2- und 6-Methyl-8-oxa-bicyclo[5.1.0]octa-2,4-dien. Über den Verlauf der Ringöffnung bei der Thermolyse in der Gasphase

2‐ and 6‐Methyl‐8‐oxabicyclo[5.1.0]octa‐2,4‐diene. Ring cleavage reaction upon flash pyrolysis.
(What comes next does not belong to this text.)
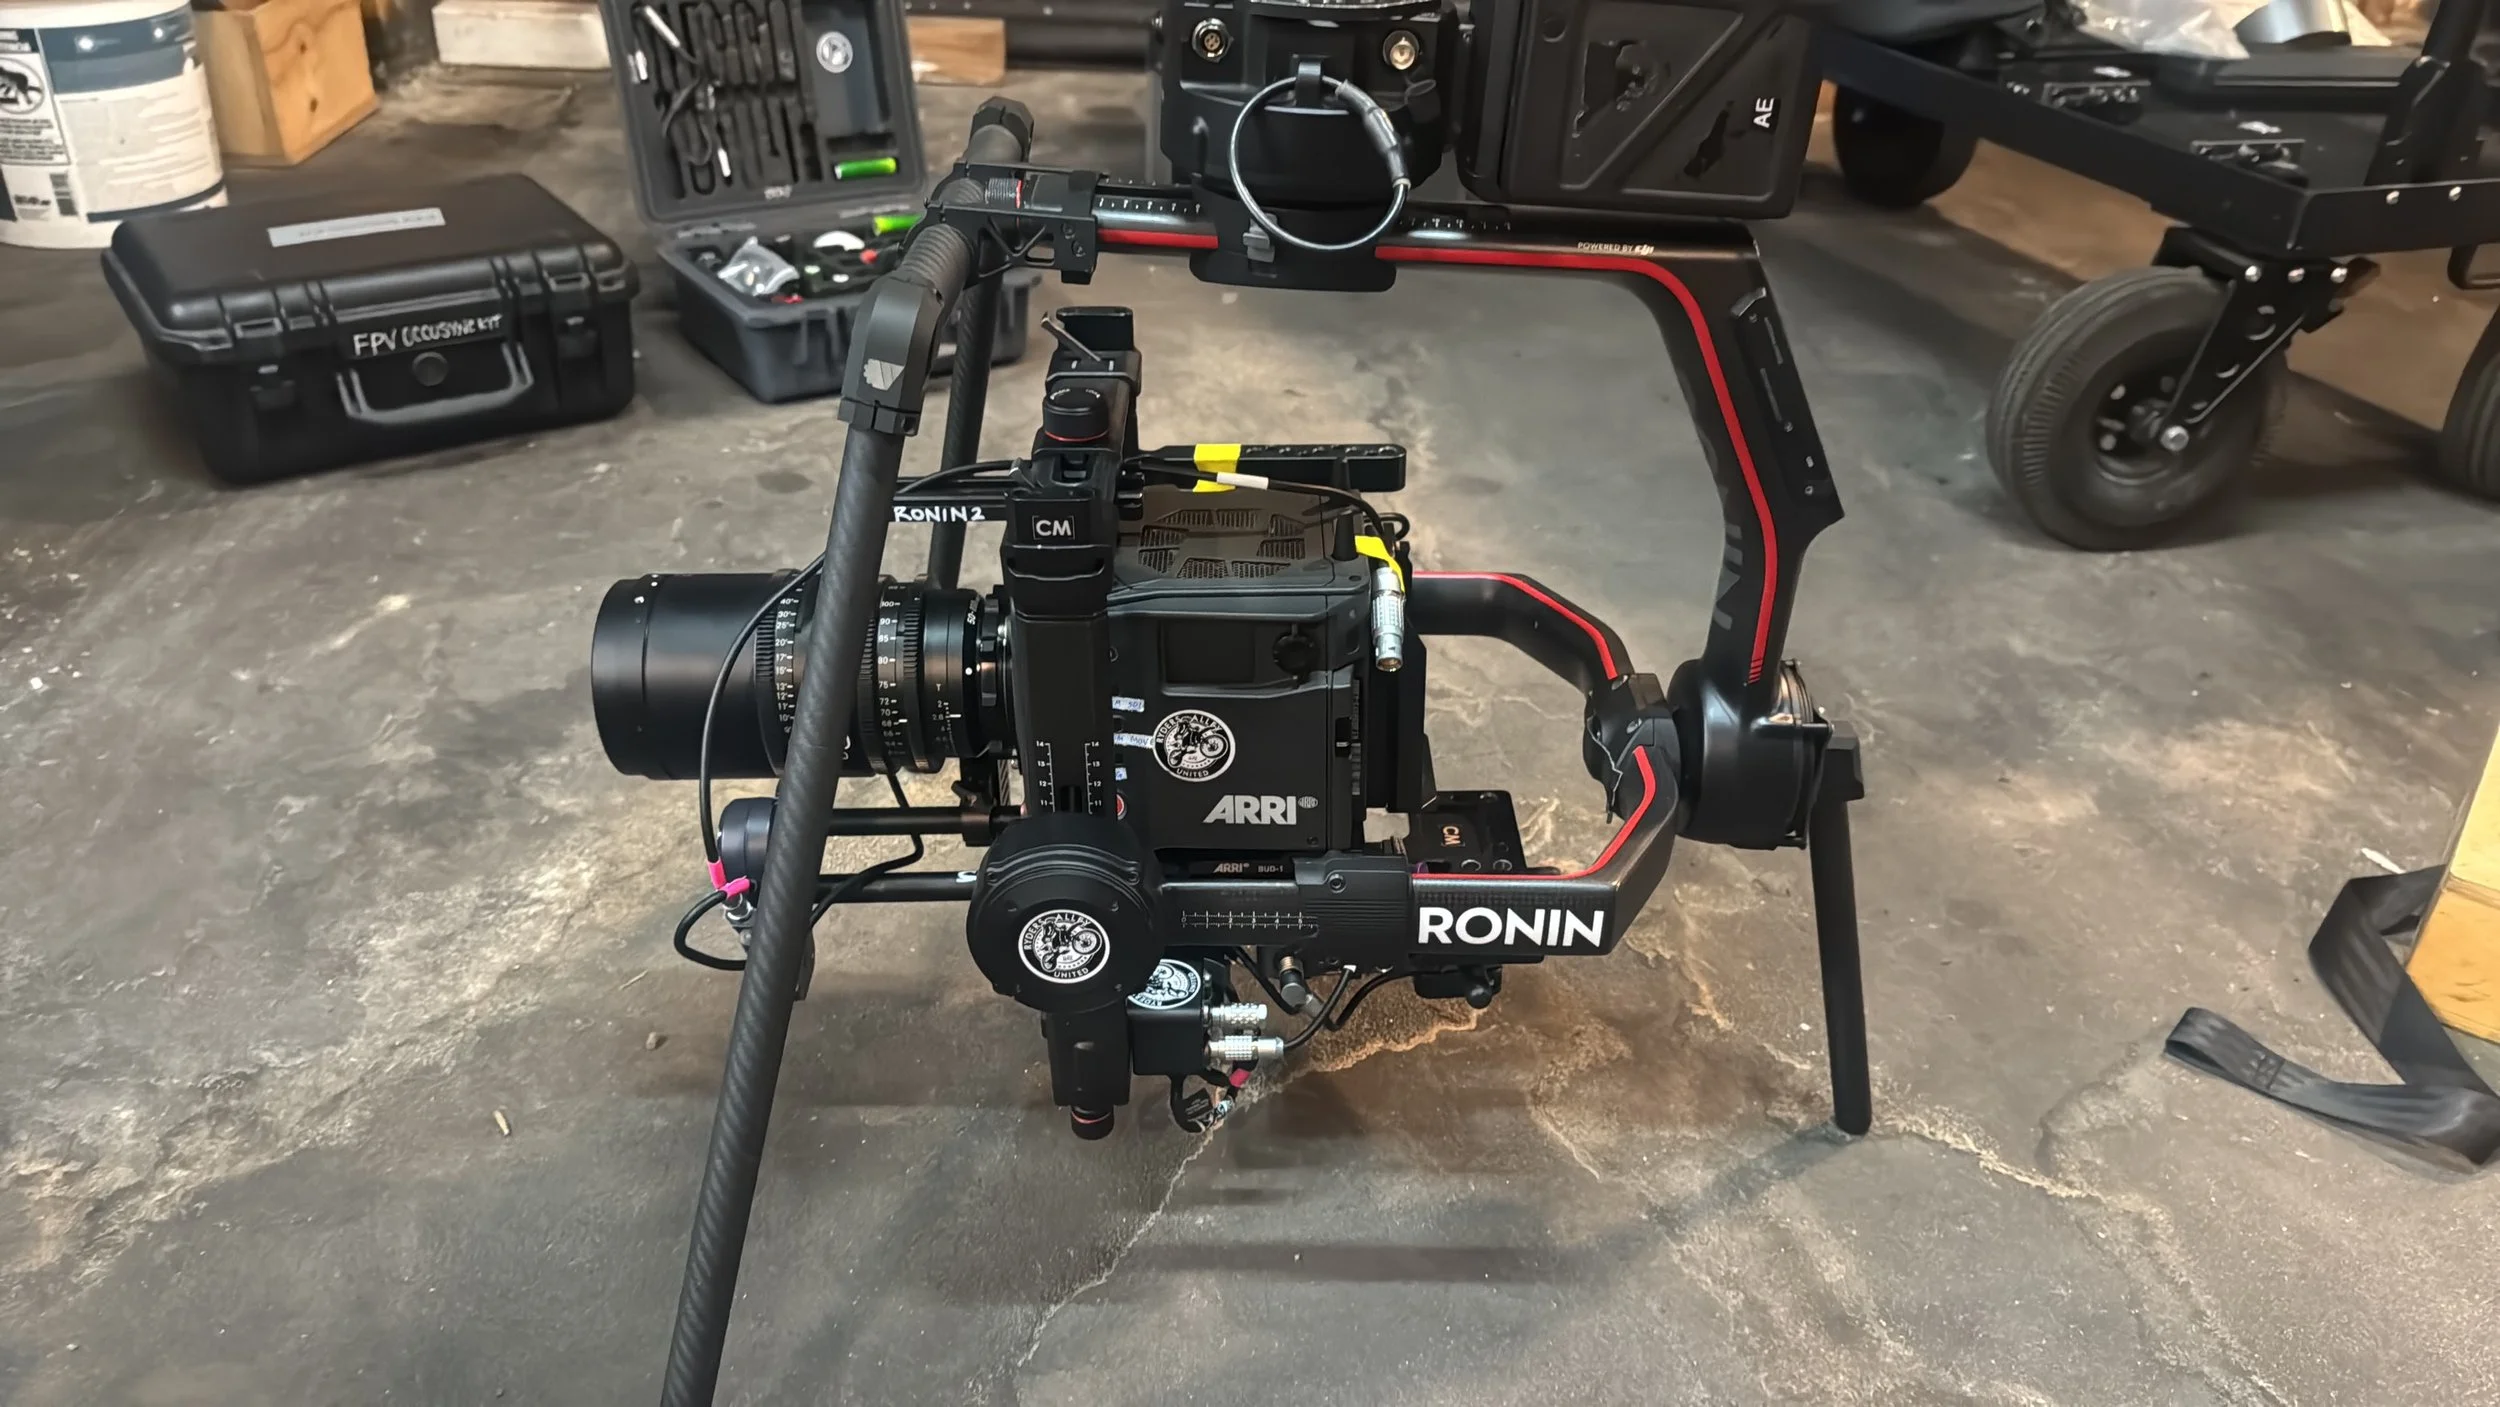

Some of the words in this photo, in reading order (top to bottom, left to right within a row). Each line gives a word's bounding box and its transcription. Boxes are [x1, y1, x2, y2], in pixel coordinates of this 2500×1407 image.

6‐Methyl‐8‐oxa‐bicyclo[5.1.0]‐octa‐2,4‐diene (1 a) has been subjected to flash pyrolysis with the aim to elucidate the course of its thermal ring cleavage reaction. At 100° equilibrium between 1a (6%) and its 2‐methylisomer 1 b (94%) is reached through a remarkably facile [1,5]‐hydrogen shift. Above 200° methyl‐bicyclo[3.2.0]hept‐2‐ene‐7‐ones (3), dihydrotolualdehydes 5 and 6 and their aromatization products 7 are isolated. It is concluded that these products arise from 2‐, 3‐ and 7‐methyl‐hepta‐2,4,6‐trienal 2a, 2b and 2f which are formed from 1a/1b by path C and D in Scheme 2 involving a formal [2+6]‐cycloreversion reaction of 1a/1b and of its valence isomer, 1,2‐homooxepine 11. Two alternate pathways, A and B, involving cleavage of the C,C bond common to both rings in 1 concomitant or followed by hydrogen shifts are not operative.